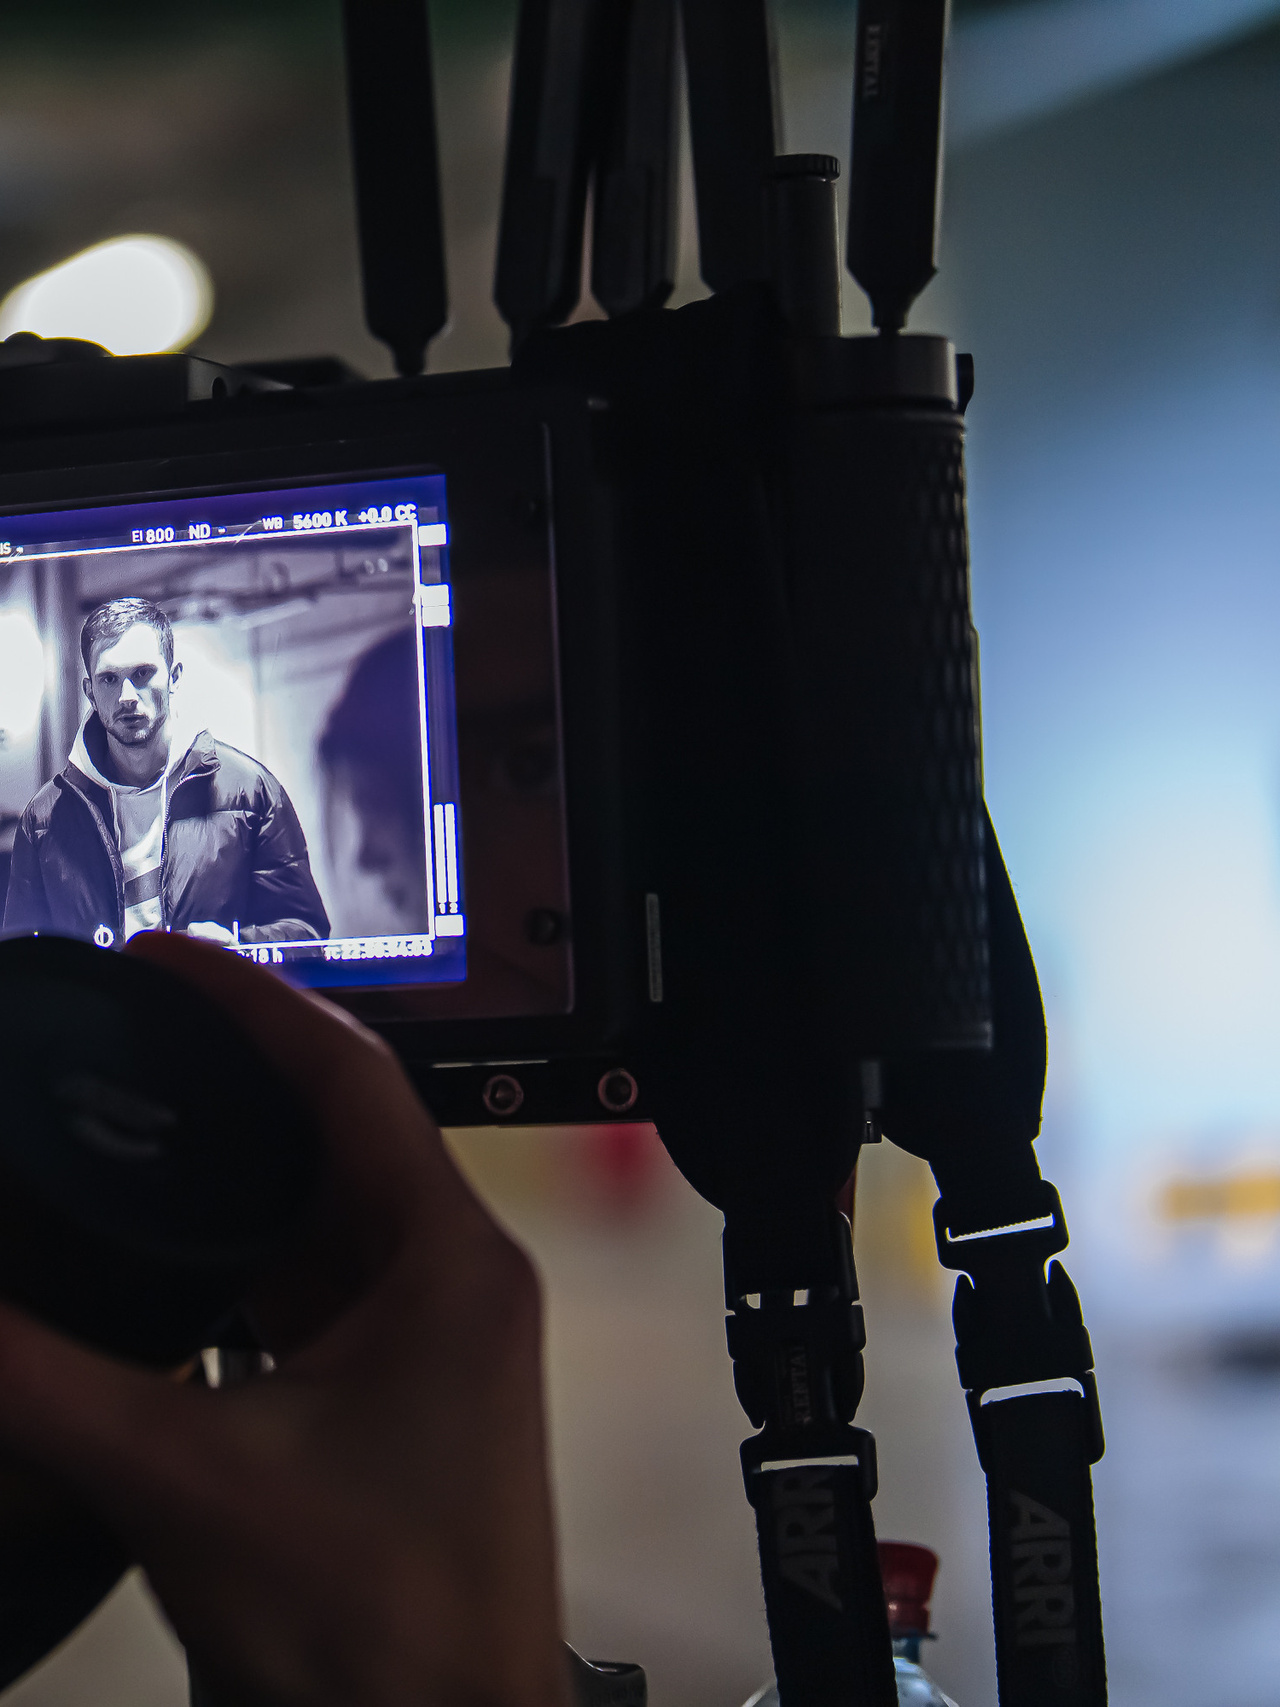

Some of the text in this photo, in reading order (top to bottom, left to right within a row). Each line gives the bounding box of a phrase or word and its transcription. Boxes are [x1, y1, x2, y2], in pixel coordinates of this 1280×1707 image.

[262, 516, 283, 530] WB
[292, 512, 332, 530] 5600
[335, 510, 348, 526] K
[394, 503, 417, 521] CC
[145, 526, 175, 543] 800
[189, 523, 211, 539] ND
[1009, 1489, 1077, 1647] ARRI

- _Exercise requirements_
Output the complete listing exactly as it appears, except for the images.

- _Task answer_
Some of the text in this photo, in reading order (top to bottom, left to right within a row). Each line gives the bounding box of a phrase or word and its transcription. Boxes are [x1, y1, x2, y2], in pixel coordinates of this 1280×1707 image.

[262, 516, 283, 530] WB
[292, 512, 332, 530] 5600
[335, 510, 348, 526] K
[394, 503, 417, 521] CC
[145, 526, 175, 543] 800
[189, 523, 211, 539] ND
[1009, 1489, 1077, 1647] ARRI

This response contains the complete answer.